By ALAN SMASON, WYES-TV Theatre Critic (“Steppin’ Out“)
Many fans of Tennessee Williams know of the feelings of anguish he experienced when dealing with his sister Rose Isabel Williams. Rose, who had suffered mental instability and had outwardly expressed her own sexual desires, was the victim of a botched prefrontal lobotomy authorized by her domineering mother Edwina Williams. She had intended for the operation to right her daughter’s troubled mind and alleviate her pent up sexuality, but the 1943 operation went horribly wrong.
As a result, Rose was institutionalized for the rest of her life, leaving her younger brother Thomas Lanier Williams, III to grieve over the loss of his constant childhood companion. Rose was the inspiration behind many of Tennessee Williams’ most famous female characters. Most notably, she was the archetype for the fragile Laura Wingfield of The Glass Menagerie.
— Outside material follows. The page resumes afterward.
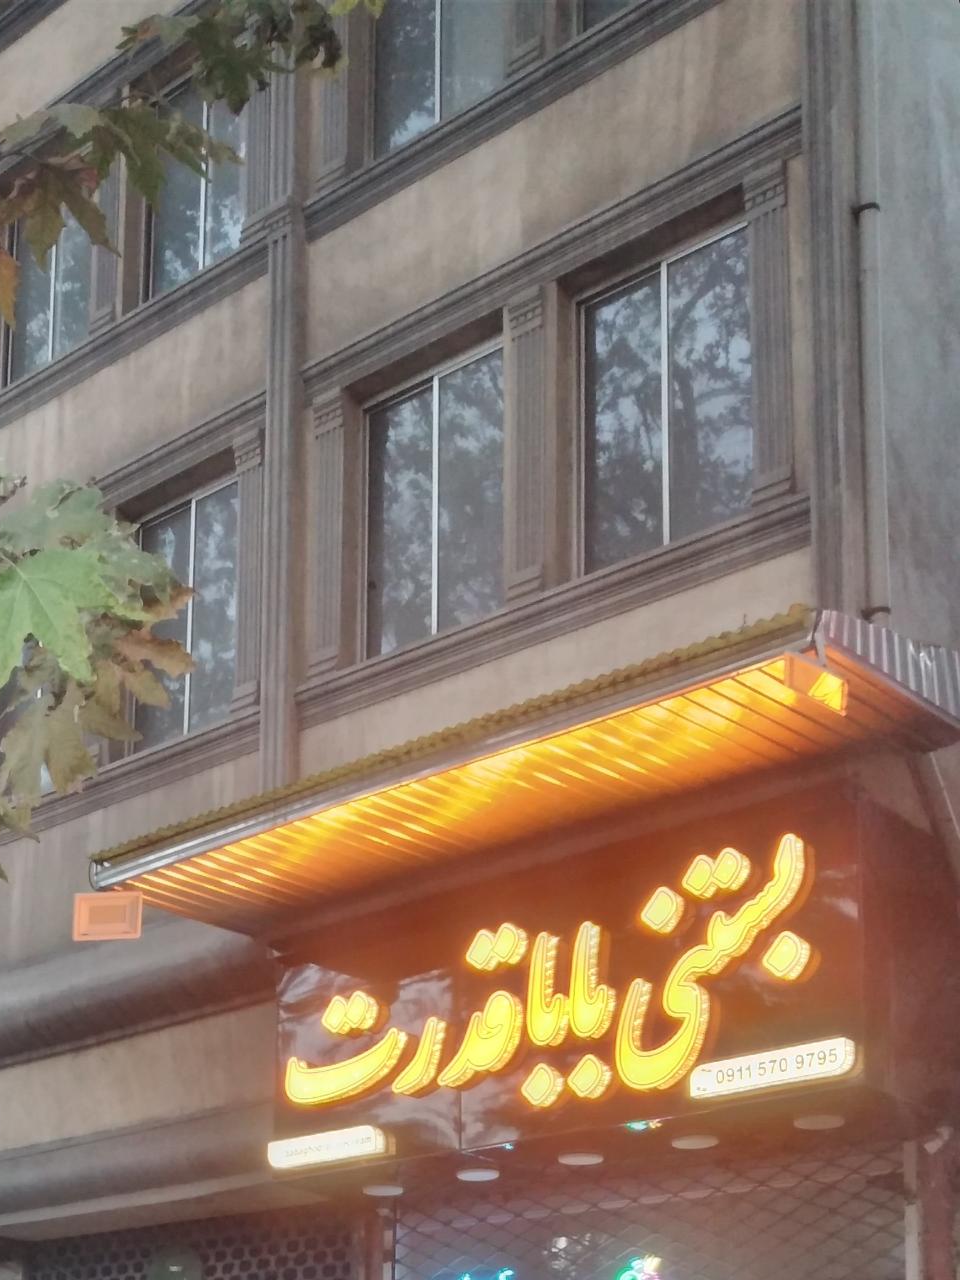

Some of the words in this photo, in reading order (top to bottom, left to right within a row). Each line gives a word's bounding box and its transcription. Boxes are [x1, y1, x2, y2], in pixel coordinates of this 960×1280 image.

[615, 831, 815, 1091] بستنی
[715, 1065, 752, 1085] 0911
[757, 1057, 789, 1077] 570
[795, 1047, 838, 1070] 9795
Tom would often visit Rose in the facility she called home every chance he had. Even after achieving great fame, he never forgot his dear sister and specifically directed in his will that the bulk of his estate be set up as a trust for Rose’s care. It is against this backdrop of dissociated siblings that Kenny Prestininzi and Christopher Winslow have penned a new work, Miss Rose, which they have subtitled A Cabaret Play
With reverence to the spirit of Rose, who died in 1996 at age 86, and her famous writer brother, who had predeceased her 13 years earlier, Prestininzi and Winslow came up with a truly unique concept for a new musical show produced by their Salvage Arts Productions. They imagined that Rose, deep within the confines of the sanitorium and her own imagination, would welcome her brother as an audience member to a cabaret show in which she would be the star.
This rather brilliant conceit allows her to hold long conversations with her brother via the banter between songs and for the two to interact through verse and music. The songs themselves permit the characters to make commentary about their lives or significant events in their lives.
Cast as Rose is Rebecca Gibel, an actor with a pleasant voice coupled with a fierce and determined stage presence. It’s important to note that the character of Rose is serving a means to an end; she is a device to link the famous playwright and author with the sister who was once his closest companion. There are unexpressed feelings he must address related to the choices he has made in his own life and Rose seems to know all about him.
Playing the role of Tom is Leicester Landon, a generous actor who passes easily as a genteel Southern gentleman sensitive to his sweet-natured sister and, occasionally, as a famous iconoclast attempting to find happiness in a world that is quite challenging and unforgiving. However, the actor, whose first name rhymes with jester, also brings a measure of joy and playfulness to the role as we peer into his carefree nature at times, too.
As Rose continues her review in song accompanied by pianist and music director Audrey Smith, Tom reacts to a number of feelings she stirs within him. It is this relationship – the intimate connection between a cabaret performer and her audience – where we appreciate the depth of emotion between them and an innate acceptance of one another.
Assistant director Alston Brown also plays a minor role as Jerry, a background singer who provides harmony to what might otherwise be a dissonant cabaret act. He also occasionally serves as both an impromptu set designer and props artist, too.
Miss Rose is destined to make a future stop here in New Orleans as part of as yet unscheduled spring appearance at the Tennessee Williams New Orleans Literary Festival. However, it will likely first arrive at next summer’s Tennessee Williams Theatre Festival in Provincetown, Massachusetts.
The performers serve up the original musical numbers quite well. Like any good cabaret act, the show could use a bit of a trim. At 90 minutes, it drags for a bit and could better emulate a cabaret performance were it to stay within the confines of a 70-minute length. This world premiere suggests this gemstone needs to be cut slightly and polished brightly for all the world to see.
Miss Rose: A Cabaret Play (90 minutes with no intermission) finishes its world premiere Salvage Arts Productions run with three performances at the Marigny Opera House, 765 St. Ferdinand Street in New Orleans, this Thursday through Saturday, June 29 – 30 and July 1. All performances begin at 8 p.m. Purchase tickets here.